A top private school in Norwich has faced criticism for its “extremely disappointing” handling of allegations of “rampant racism.” The allegations were originally raised in a letter sent to the school in mid-June.
The letter requested staff at the Norwich School to be better trained to deal with issues of racism, as well as detailing a list of alleged instances of racism against students.
One student said he was “accused of being ‘divisive’ by multiple members of staff” for wearing a Black Lives Matter badge and “forced to apologise to a racist student for ‘holding views that opposed his.’” Another student alleged that on one occasion he and a group of fellow Jewish students were sitting in the library when “a student came in waving a Swastika flag.” When the student raised his voice to reprimand the boy, he was told off by the librarian, but the student carrying the flag was not dealt with.
In total the letter bore 264 signatures from pupils, ex-pupils and parents. Now a second letter has been sent to the school, signed by 1 pupil, 17 ex-pupils and MP for Norwich South Clive Lewis, accusing the school of trying to “divert attention away from the issue” rather than addressing it. In response, the school issued a statement saying it was “strange an assumption has been made the school is not taking the matter seriously.”
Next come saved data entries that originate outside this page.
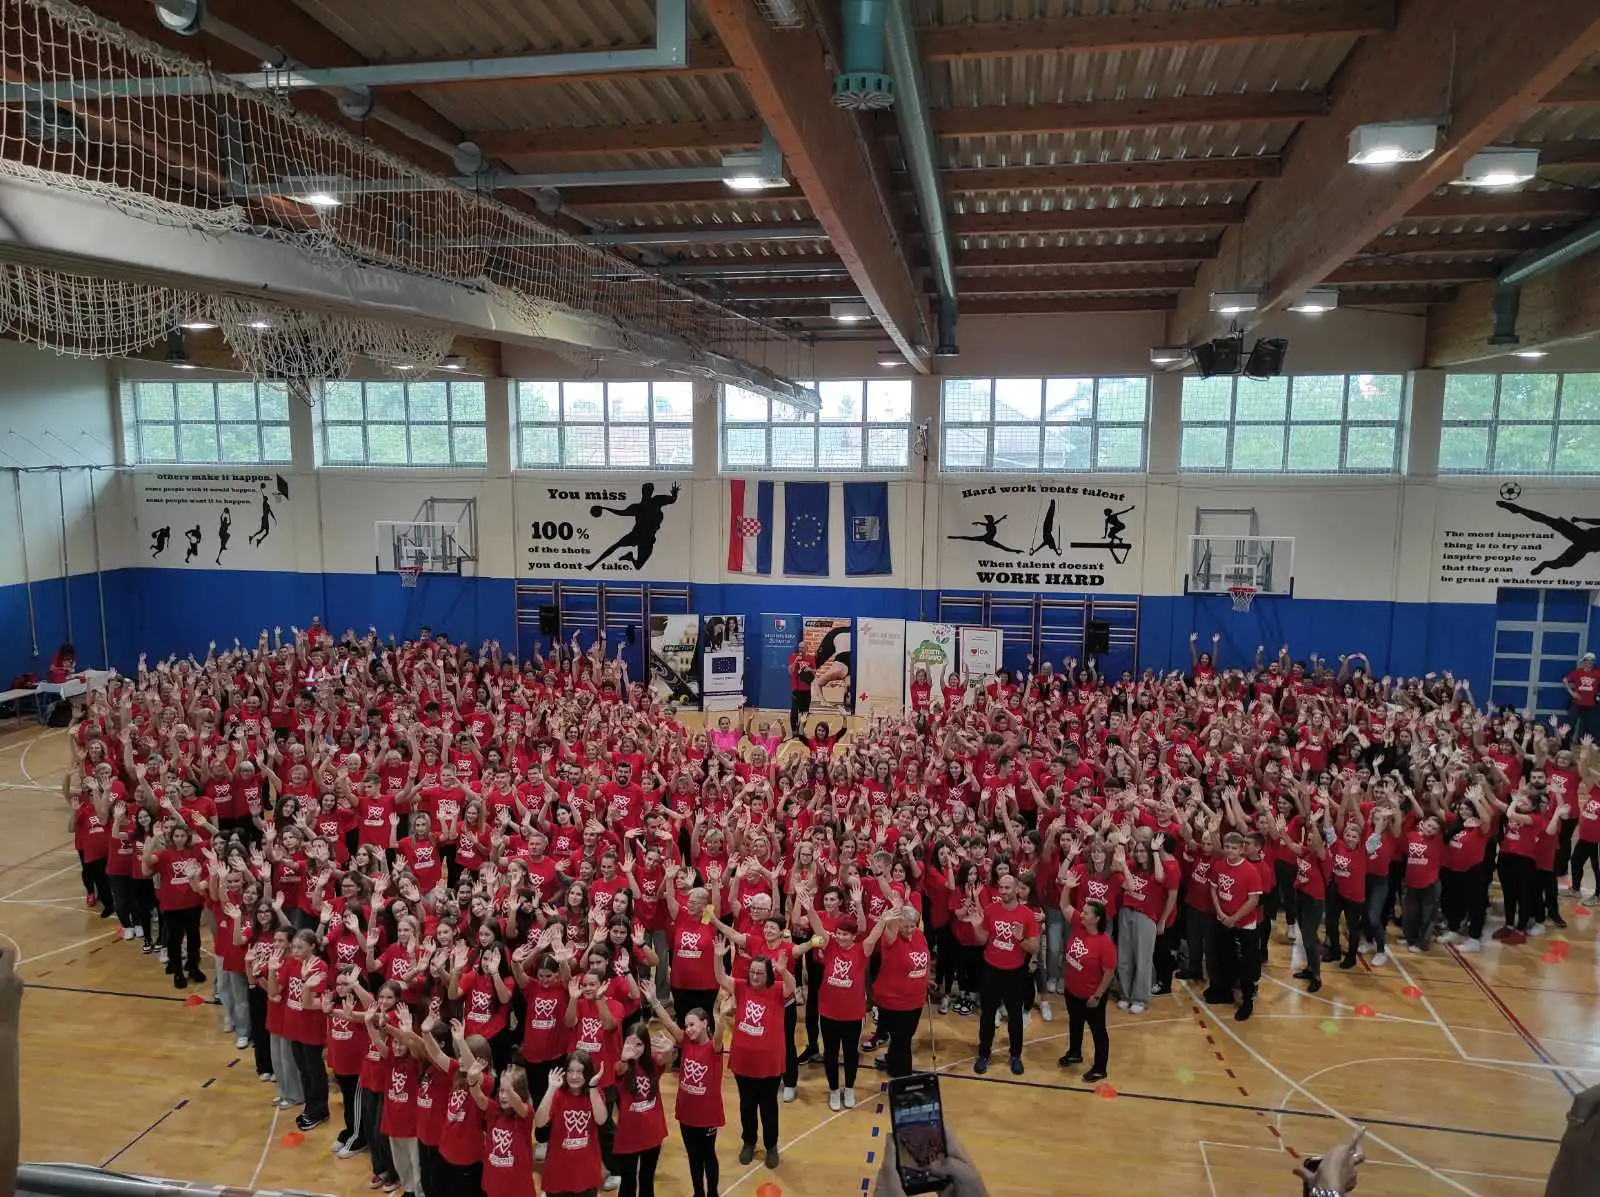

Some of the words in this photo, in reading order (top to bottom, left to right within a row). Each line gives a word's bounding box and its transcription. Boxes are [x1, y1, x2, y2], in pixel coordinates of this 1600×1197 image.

[547, 488, 580, 500] You
[585, 489, 627, 501] miss
[962, 485, 997, 499] Hard
[1000, 484, 1037, 494] work
[1040, 484, 1078, 495] beats
[1082, 487, 1126, 502] talent
[531, 521, 574, 541] 100
[576, 527, 590, 540] %
[1497, 531, 1555, 540] important
[541, 546, 559, 554] the
[561, 546, 591, 555] shots
[1444, 542, 1473, 550] thing
[1502, 543, 1517, 551] try
[1521, 543, 1542, 551] and
[1443, 553, 1482, 562] inspire
[1484, 554, 1521, 563] people
[528, 562, 551, 571] you
[553, 561, 583, 570] dont
[601, 562, 633, 571] take.
[978, 559, 1014, 569] When
[1017, 560, 1055, 569] talent
[1058, 562, 1105, 571] doesn't
[1467, 565, 1491, 574] they
[976, 571, 1040, 585] WORK
[1045, 573, 1105, 586] HARD
[1456, 576, 1485, 584] great
[1557, 579, 1582, 587] they
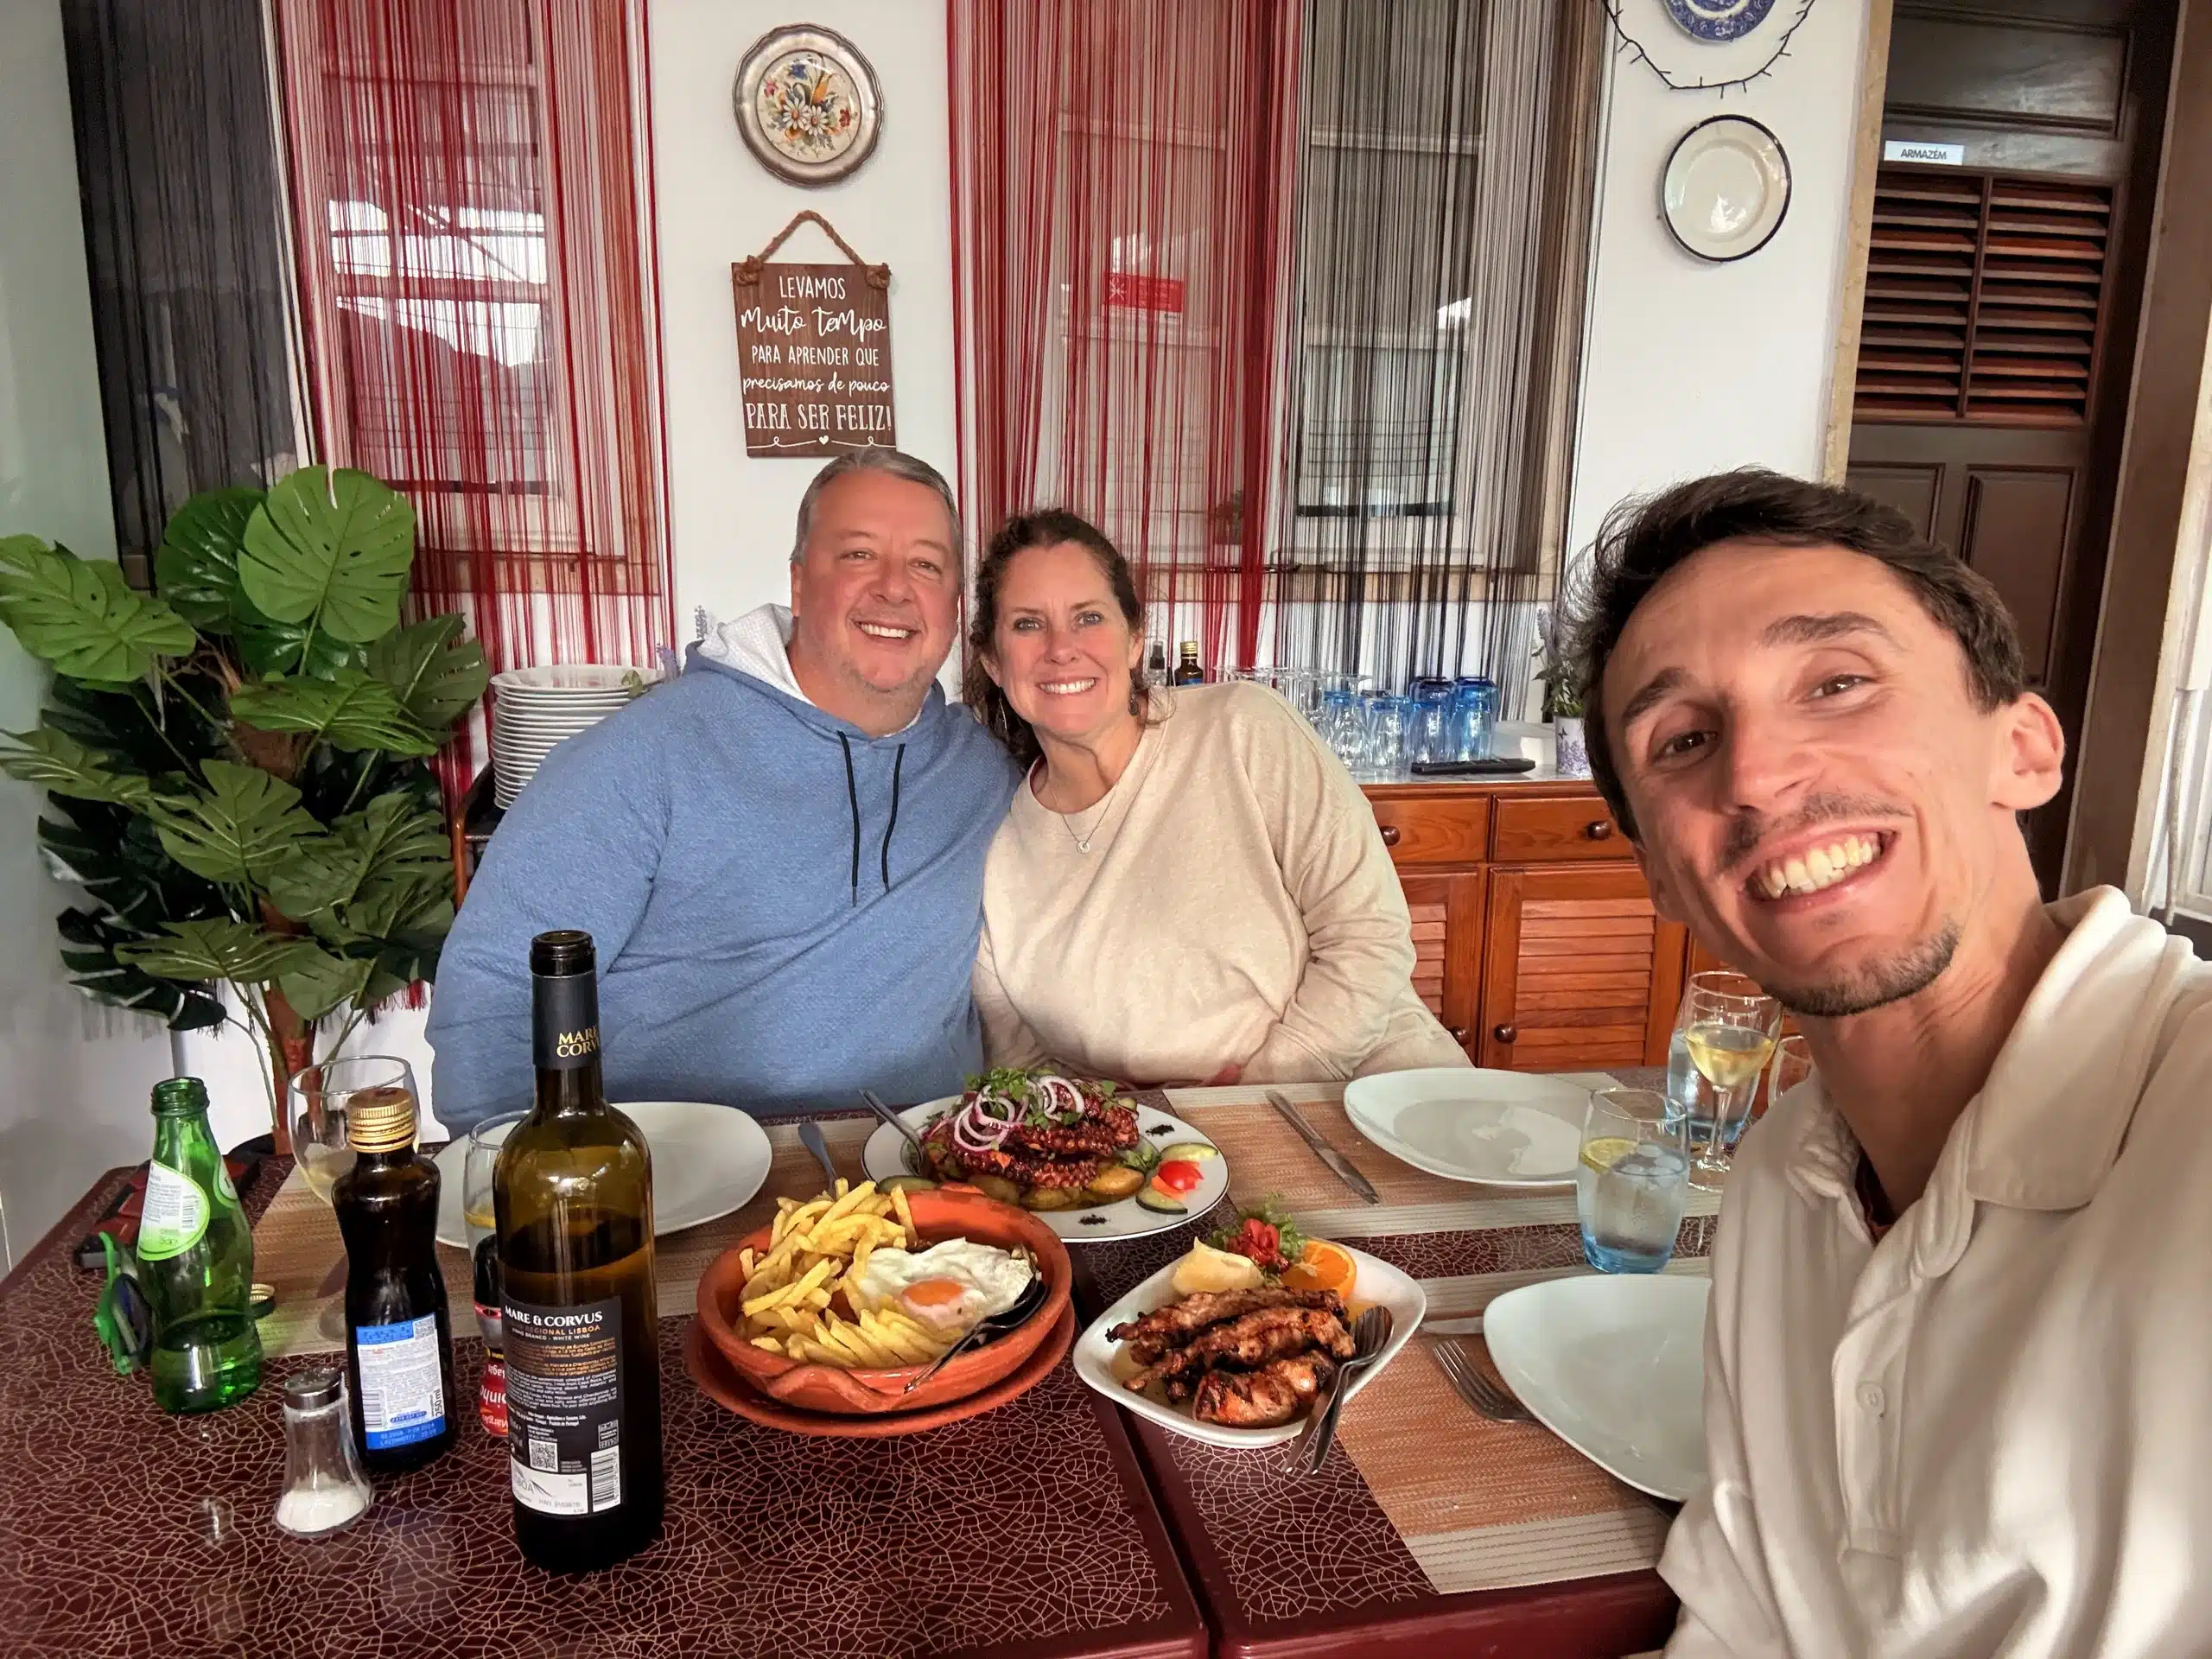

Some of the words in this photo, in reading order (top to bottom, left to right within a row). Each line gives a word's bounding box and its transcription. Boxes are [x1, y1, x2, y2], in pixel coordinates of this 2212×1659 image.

On July 24 the school advertised the position of an Equality, Diversity and Inclusion Officer. The post read: “We are looking for a suitably experienced, inspiring individual to help us bring our equality agenda to life and supporting a culture of inclusion across the school.”
The announcement was issued shortly after an open letter, with 500 signatures, requesting more to be done in Norwich schools to address issues of racism and make incidents easier to report.
The letter also proposes all students should be taught about racism and microaggressions in their first term, with BAME students being involved wherever possible. Clive Lewis MP, said in a post of social media two days after the letter was released, “I’m pleased to hear some schools have already come on board – and I hope many more follow.”
With regards to the Norwich School, both headmaster Steffan Griffiths and the chair of governors Patrick Smith released a statement responding to criticisms of inaction. “Our actions show that significant progress has been made quickly and in extraordinary circumstances.” They added that the school would show zero tolerance toward instances of racist behaviour.